[Available records Boundary: Start]

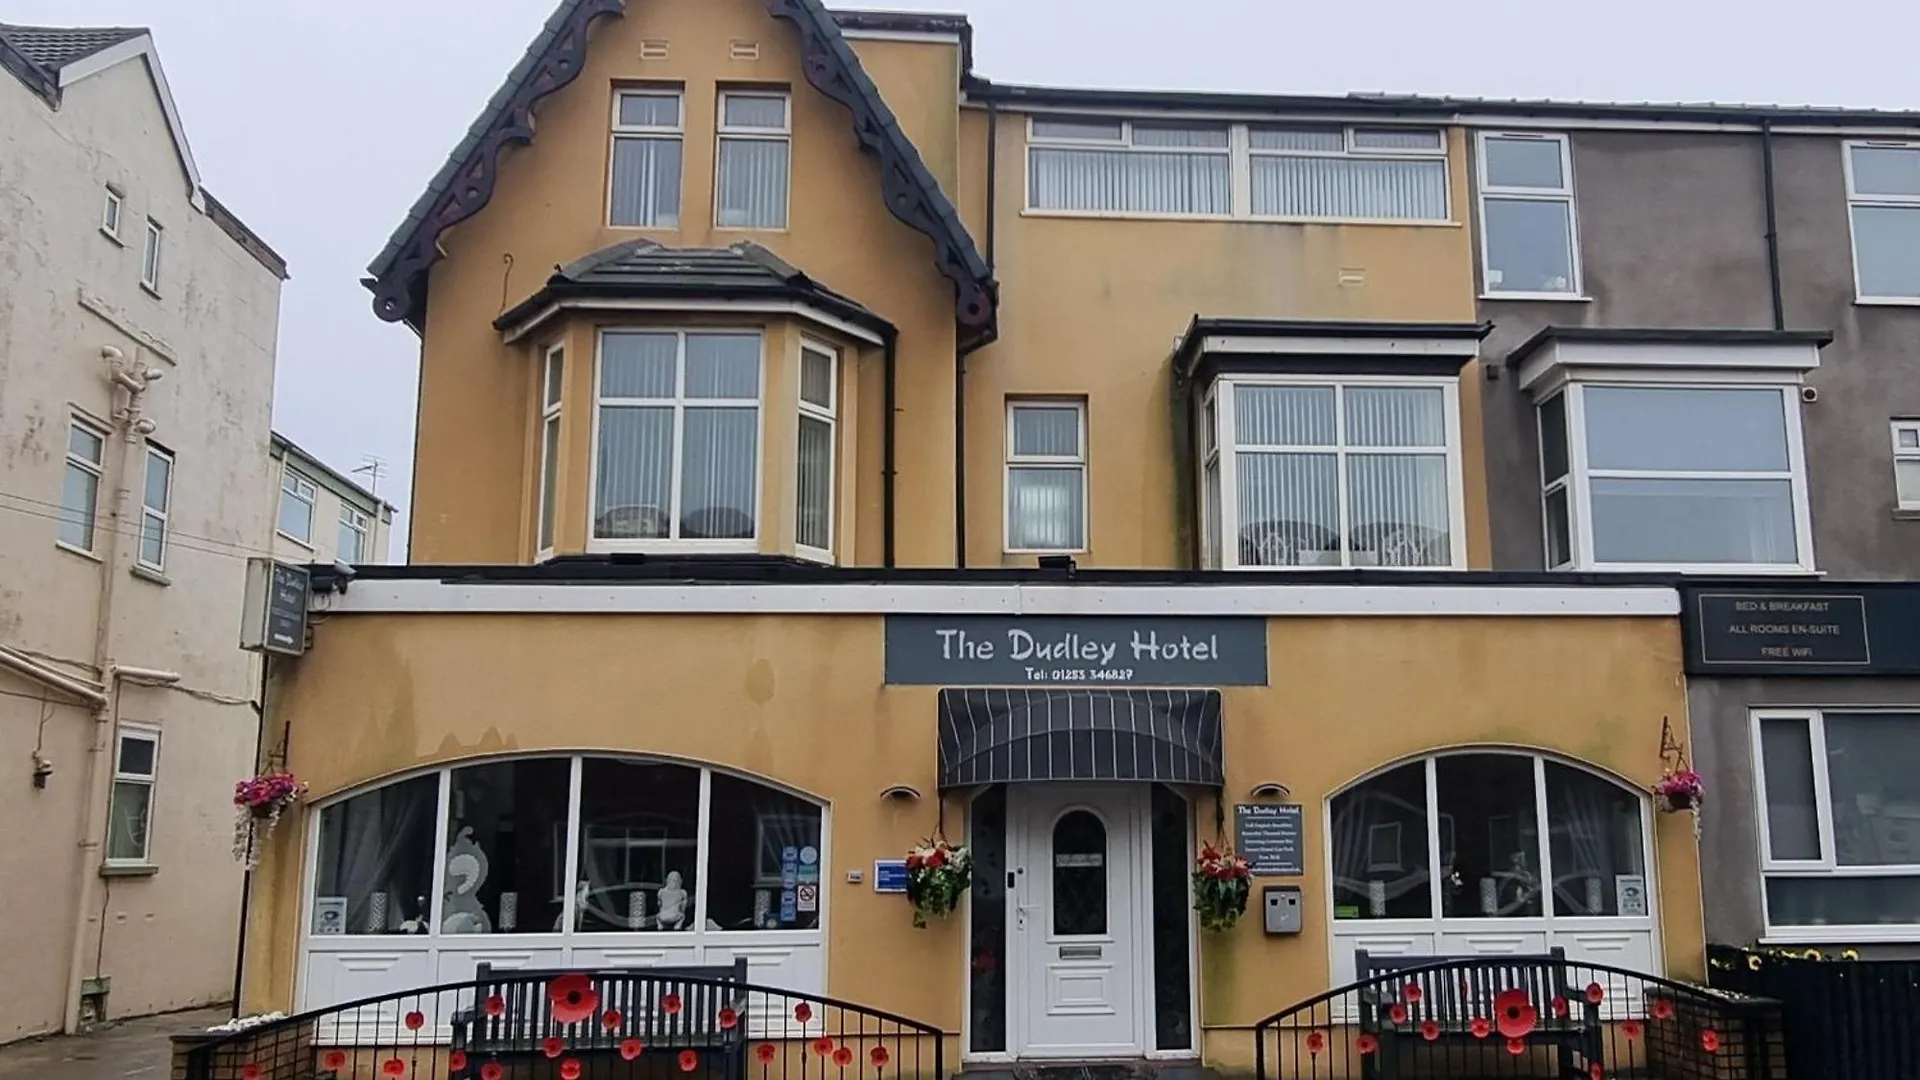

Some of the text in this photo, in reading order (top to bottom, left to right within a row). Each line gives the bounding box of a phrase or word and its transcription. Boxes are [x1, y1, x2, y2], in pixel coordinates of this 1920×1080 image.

[1735, 601, 1830, 612] BED & BREAKFAST
[1729, 624, 1748, 634] ALL
[1750, 624, 1790, 635] ROOMS
[935, 628, 1219, 665] The Dudley Hotel
[1760, 647, 1790, 657] FREE
[1024, 666, 1049, 681] Tel:

[Available records Boundary: End]

All the lines above need to be repeated exactly, with no pictures carried over.

■ **Answer to this exercise**
Some of the text in this photo, in reading order (top to bottom, left to right within a row). Each line gives the bounding box of a phrase or word and its transcription. Boxes are [x1, y1, x2, y2], in pixel coordinates of this 1920×1080 image.

[1735, 601, 1830, 612] BED & BREAKFAST
[1729, 624, 1748, 634] ALL
[1750, 624, 1790, 635] ROOMS
[935, 628, 1219, 665] The Dudley Hotel
[1760, 647, 1790, 657] FREE
[1024, 666, 1049, 681] Tel:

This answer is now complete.